• Task instructions:
Set down each line of the data exactly, but not the pictures.

===== Information shown =====

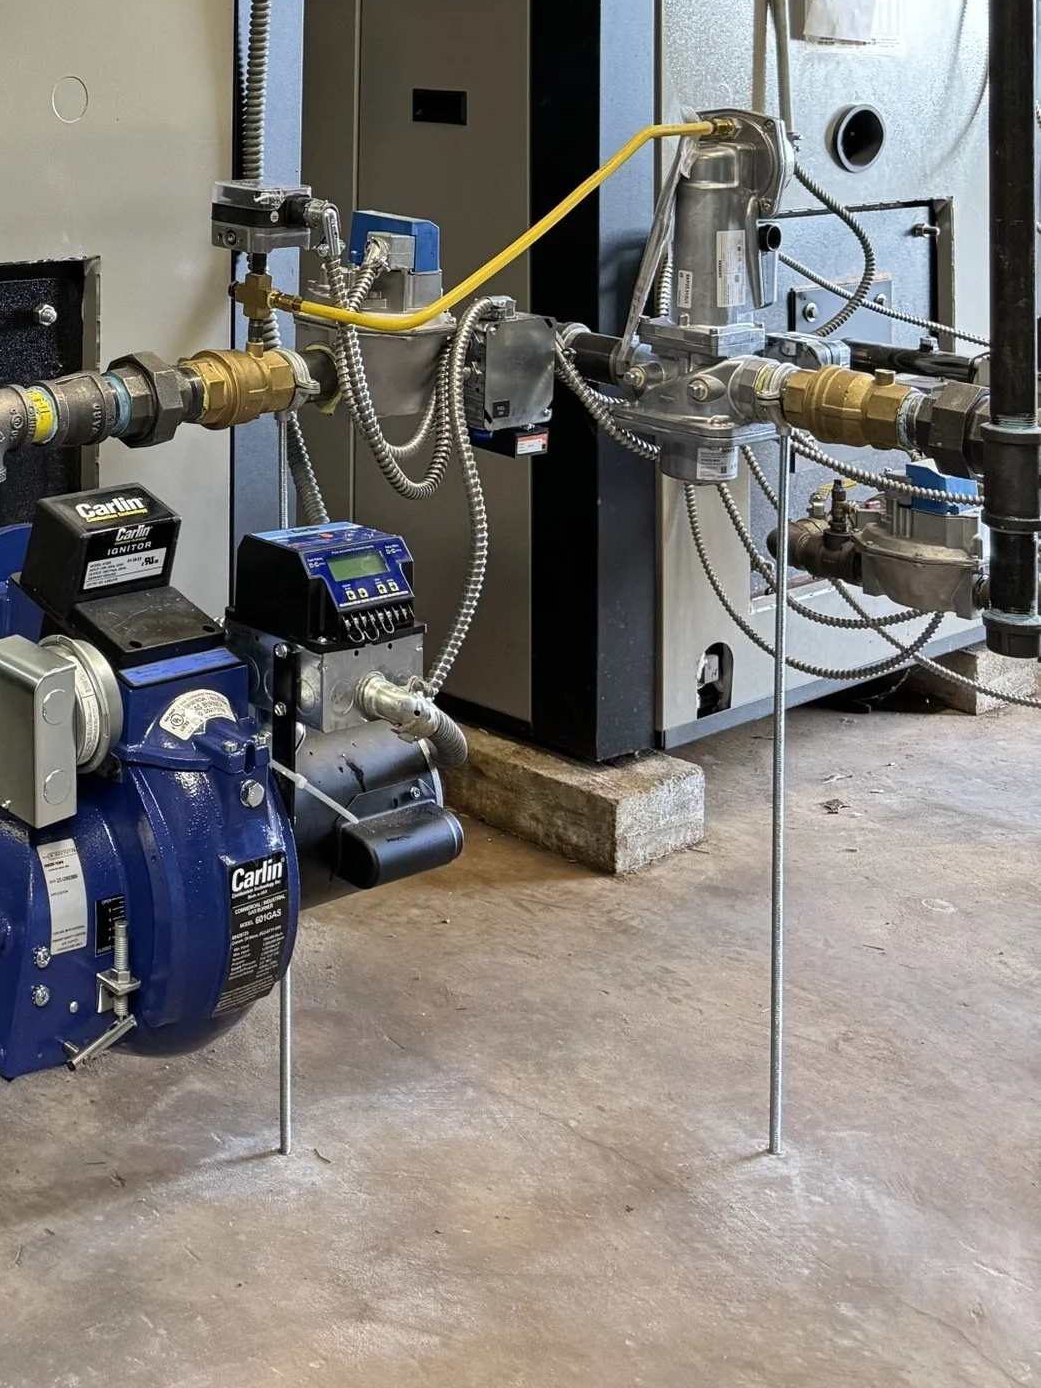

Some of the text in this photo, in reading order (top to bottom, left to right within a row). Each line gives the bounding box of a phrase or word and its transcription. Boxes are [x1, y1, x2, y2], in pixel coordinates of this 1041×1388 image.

[75, 497, 142, 518] Carlin
[116, 524, 150, 541] Carlin
[107, 541, 152, 556] IGNITOR
[232, 859, 282, 892] Carlin
[232, 888, 253, 899] Combustion
[254, 882, 274, 891] Technology
[234, 895, 285, 914] COMMERCIAL INDUSTRIAL
[257, 903, 274, 912] BURNER
[240, 909, 281, 928] MODEL 601GAS
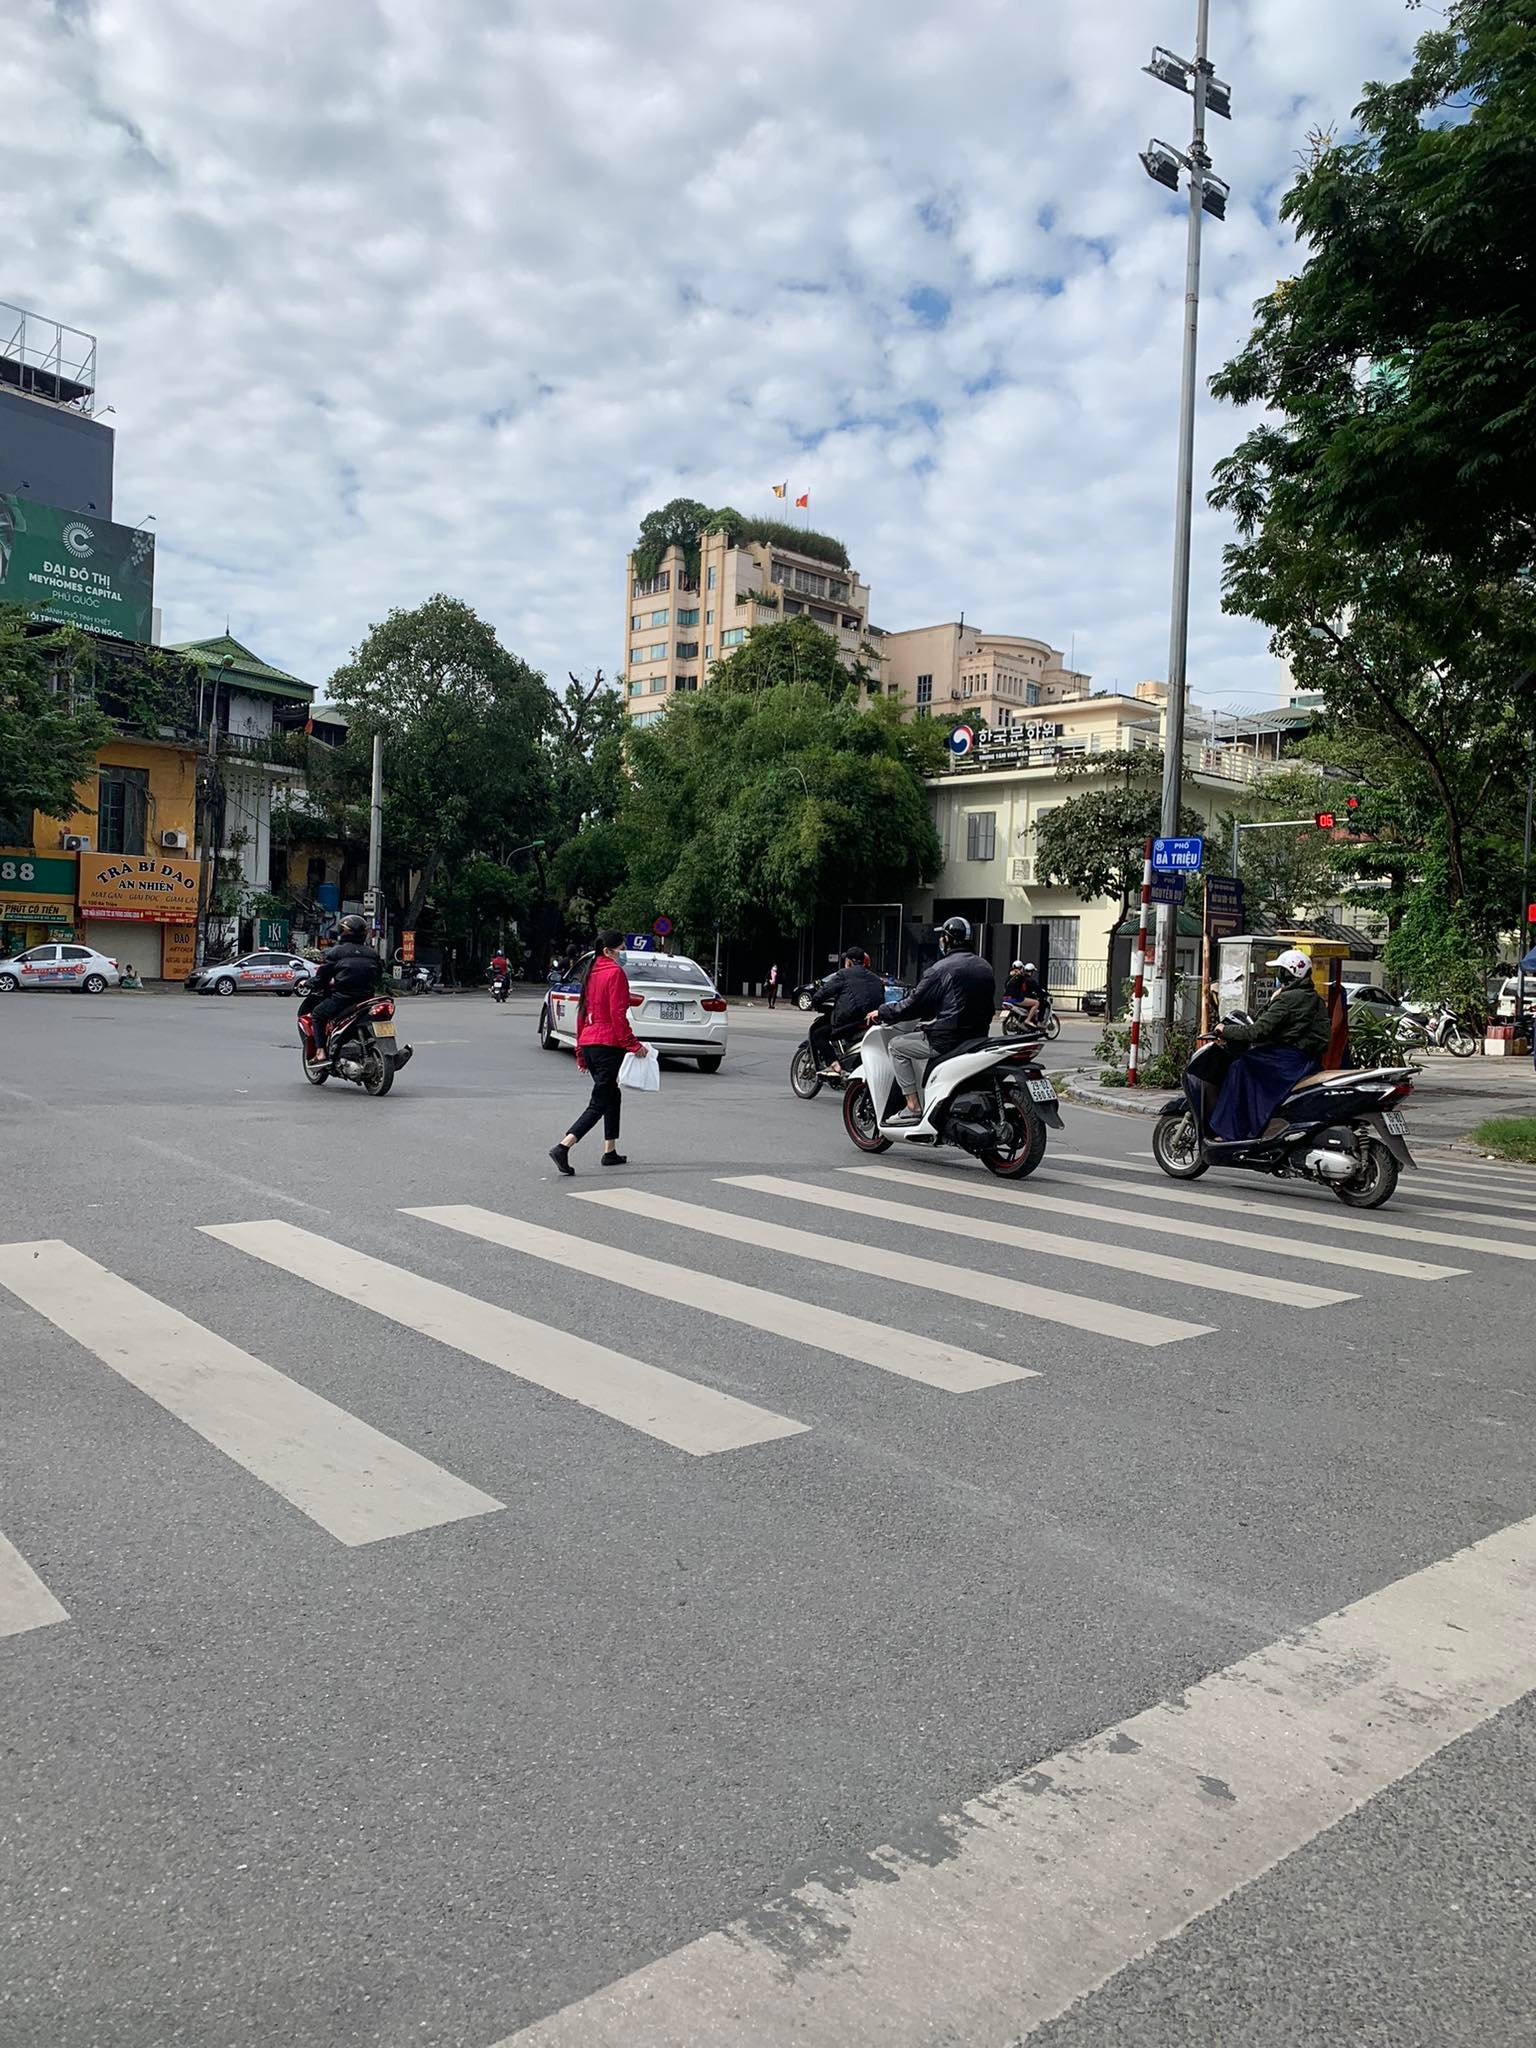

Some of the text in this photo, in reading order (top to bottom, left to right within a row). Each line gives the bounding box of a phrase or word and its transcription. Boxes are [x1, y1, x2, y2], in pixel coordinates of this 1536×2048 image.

[43, 561, 110, 589] ĐẠI ĐÔ THỊ
[29, 572, 122, 601] MEYHOMES CAPITAL
[52, 589, 71, 602] PHÚ
[978, 721, 1056, 748] 한국문화원
[1319, 814, 1333, 828] 06
[1174, 841, 1189, 849] PHỐ
[1156, 851, 1197, 867] BÀ TRIỆU
[96, 858, 195, 889] TRÀ BÍ ĐAO
[118, 880, 174, 892] AN NHIÊN
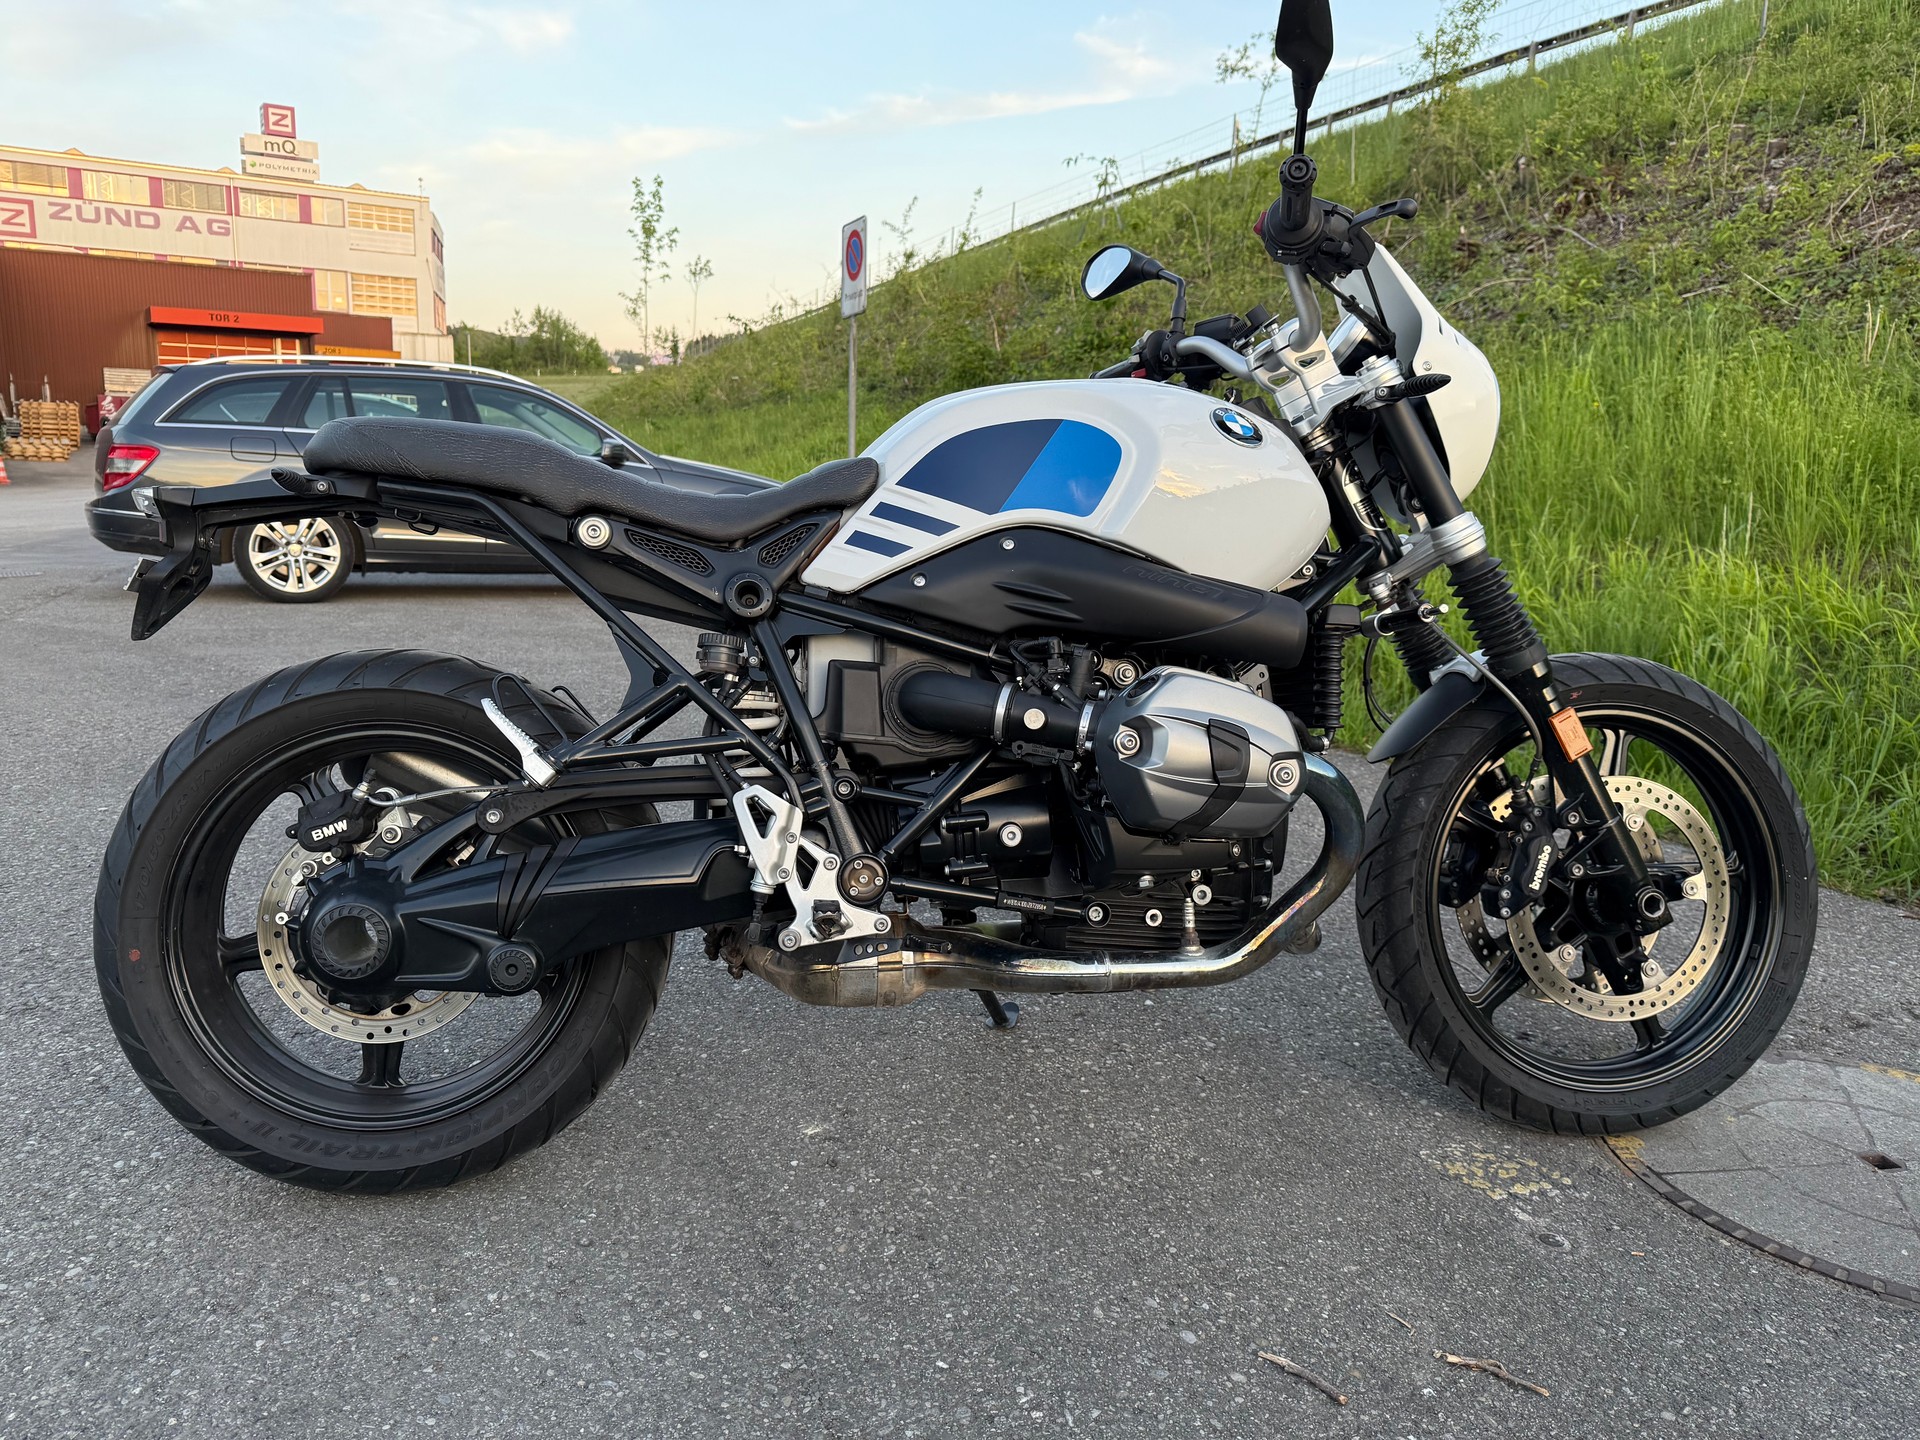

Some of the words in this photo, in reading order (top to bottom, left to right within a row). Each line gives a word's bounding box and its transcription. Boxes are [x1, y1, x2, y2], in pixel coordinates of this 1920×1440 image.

=====

• Task solution:
Some of the text in this photo, in reading order (top to bottom, left to right within a row). Each line gives the bounding box of a phrase or word and its transcription. Boxes are [x1, y1, x2, y2], in pixel coordinates of this 1041×1388 image.

[75, 497, 142, 518] Carlin
[116, 524, 150, 541] Carlin
[107, 541, 152, 556] IGNITOR
[232, 859, 282, 892] Carlin
[232, 888, 253, 899] Combustion
[254, 882, 274, 891] Technology
[234, 895, 285, 914] COMMERCIAL INDUSTRIAL
[257, 903, 274, 912] BURNER
[240, 909, 281, 928] MODEL 601GAS

Some of the text in this photo, in reading order (top to bottom, left to right within a row). Each line gives the bounding box of a phrase or word and its transcription. Boxes are [x1, y1, x2, y2], in pixel coordinates of this 1536×2048 image.

[43, 561, 110, 589] ĐẠI ĐÔ THỊ
[29, 572, 122, 601] MEYHOMES CAPITAL
[52, 589, 71, 602] PHÚ
[978, 721, 1056, 748] 한국문화원
[1319, 814, 1333, 828] 06
[1174, 841, 1189, 849] PHỐ
[1156, 851, 1197, 867] BÀ TRIỆU
[96, 858, 195, 889] TRÀ BÍ ĐAO
[118, 880, 174, 892] AN NHIÊN

Some of the words in this photo, in reading order (top to bottom, left to right within a row). Each line gives a word's bounding box and its transcription. Boxes are [x1, y1, x2, y2], in pixel coordinates of this 1920×1440 image.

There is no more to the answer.